You think your slow shipping speed is a "people" problem or a "skill" problem. You think you need more engineers, or better senior talent, or longer sprints.
You are likely wrong.
Let’s look at the math.
If you have two people working on a single feature, the work doesn't double. It splits, but it also creates a new cost: the cost of syncing those two people and the code they produce.
Your $1 of value-add work now costs $2.75 in coordination. That's the Coordination Tax. It's a run-rate killer for any small-medium size tech department.
We measure the health of any architecture using Structural Friction (Structural Friction is a metric that quantifies the human coordination costs caused by bloated or overly coupled software architecture).
When your architecture forces developers to talk to each other to ship a feature, that is friction. Every meeting you have about API contracts, database schemas, or service handoffs is a direct signal of architectural waste.
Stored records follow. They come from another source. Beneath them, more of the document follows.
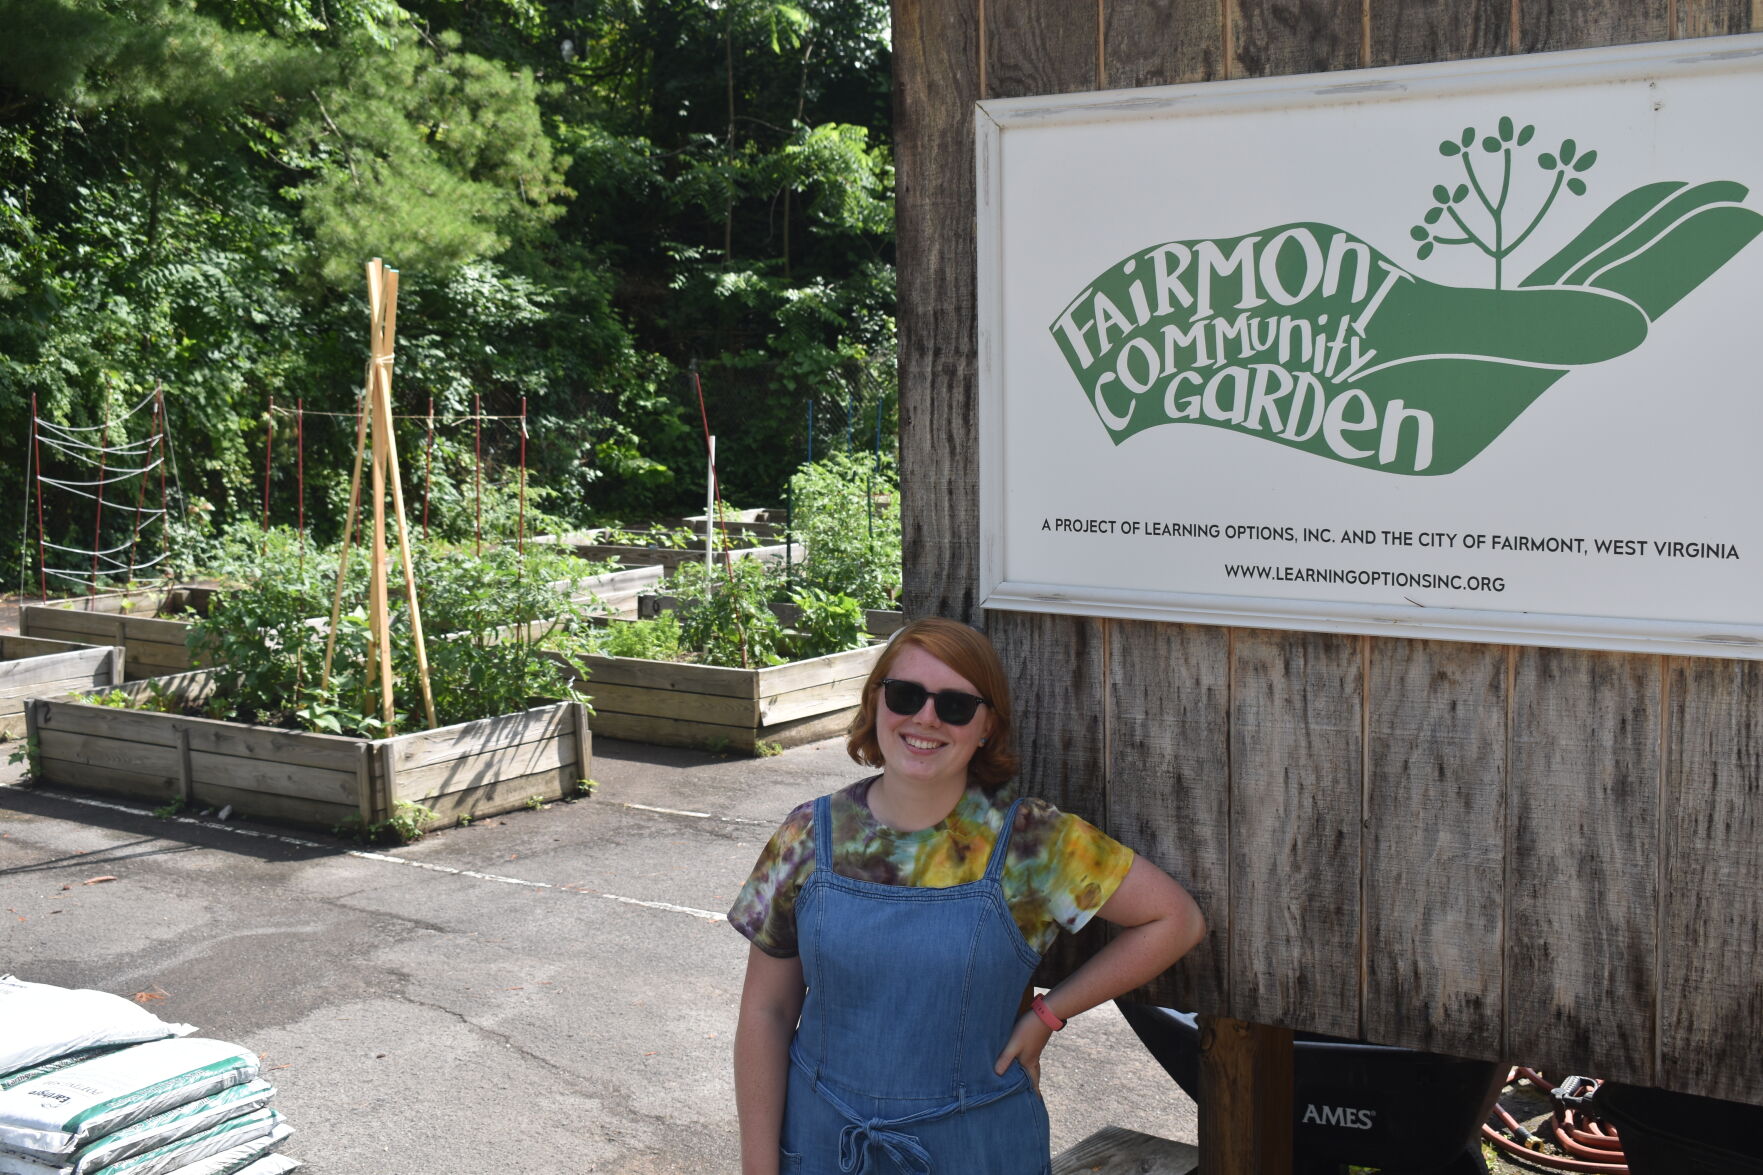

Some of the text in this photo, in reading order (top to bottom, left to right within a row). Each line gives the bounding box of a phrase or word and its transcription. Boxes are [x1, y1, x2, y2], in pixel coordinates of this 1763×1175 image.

[1041, 518, 1740, 560] A PROJECT OF LEARNING OPTIONS, INC. AND THE CITY OF FAIRMONT, WEST VIRGINIA
[1224, 564, 1505, 592] WWW.LEARNINGOPTIONSINC.ORG
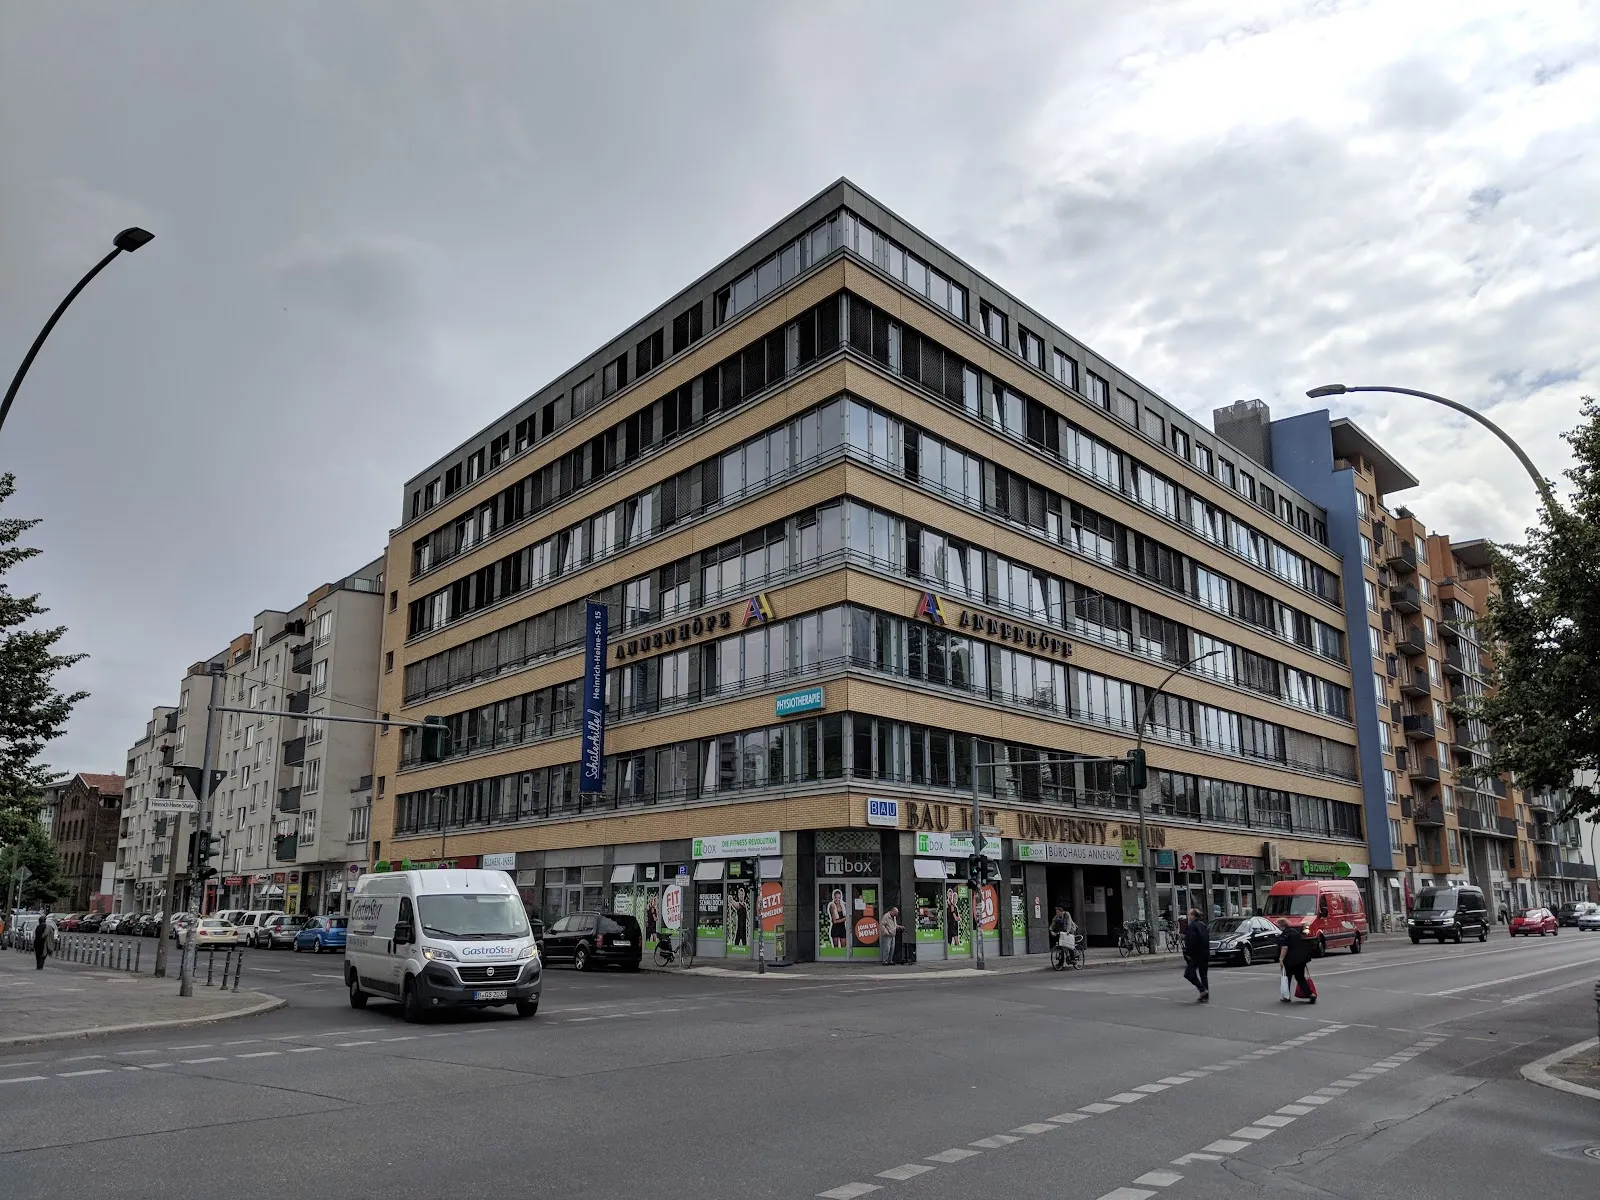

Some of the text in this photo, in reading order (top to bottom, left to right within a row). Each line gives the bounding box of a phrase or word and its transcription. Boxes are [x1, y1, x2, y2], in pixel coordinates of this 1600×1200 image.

[615, 611, 730, 659] ANNENHÖFE
[960, 610, 1072, 657] ANNENHÖFE
[592, 610, 602, 700] Heinrich-Heine-Str. 15
[775, 690, 822, 711] PHYSIOTHERAPIE
[871, 801, 897, 816] BAU
[905, 801, 950, 831] BAU
[1016, 813, 1108, 845] UNIVERSITY
[721, 836, 777, 848] DIE FITNESS REVOLUTION
[1049, 845, 1087, 860] BÜROHAUS
[825, 856, 873, 874] fitbox
[666, 889, 680, 908] FIT
[761, 893, 782, 909] ETZT
[667, 906, 680, 916] STATT
[857, 922, 877, 932] JOIN US
[858, 928, 879, 938] NOW!
[462, 946, 515, 956] GastroStar
Structural Friction exposes where your software architecture is actively sabotaging your team's output.
The fix isn't "better project management" but modularization instead.
Don't aim for perfect modularity. Aim for good-enough modularity that removes the handoffs that slow you down today. Scale by subtraction.
I am curious: how are you handling coordination costs in your own stack? Is the "Coordination Tax" as high for you as it was for me, or have you found a way to stay lean while scaling?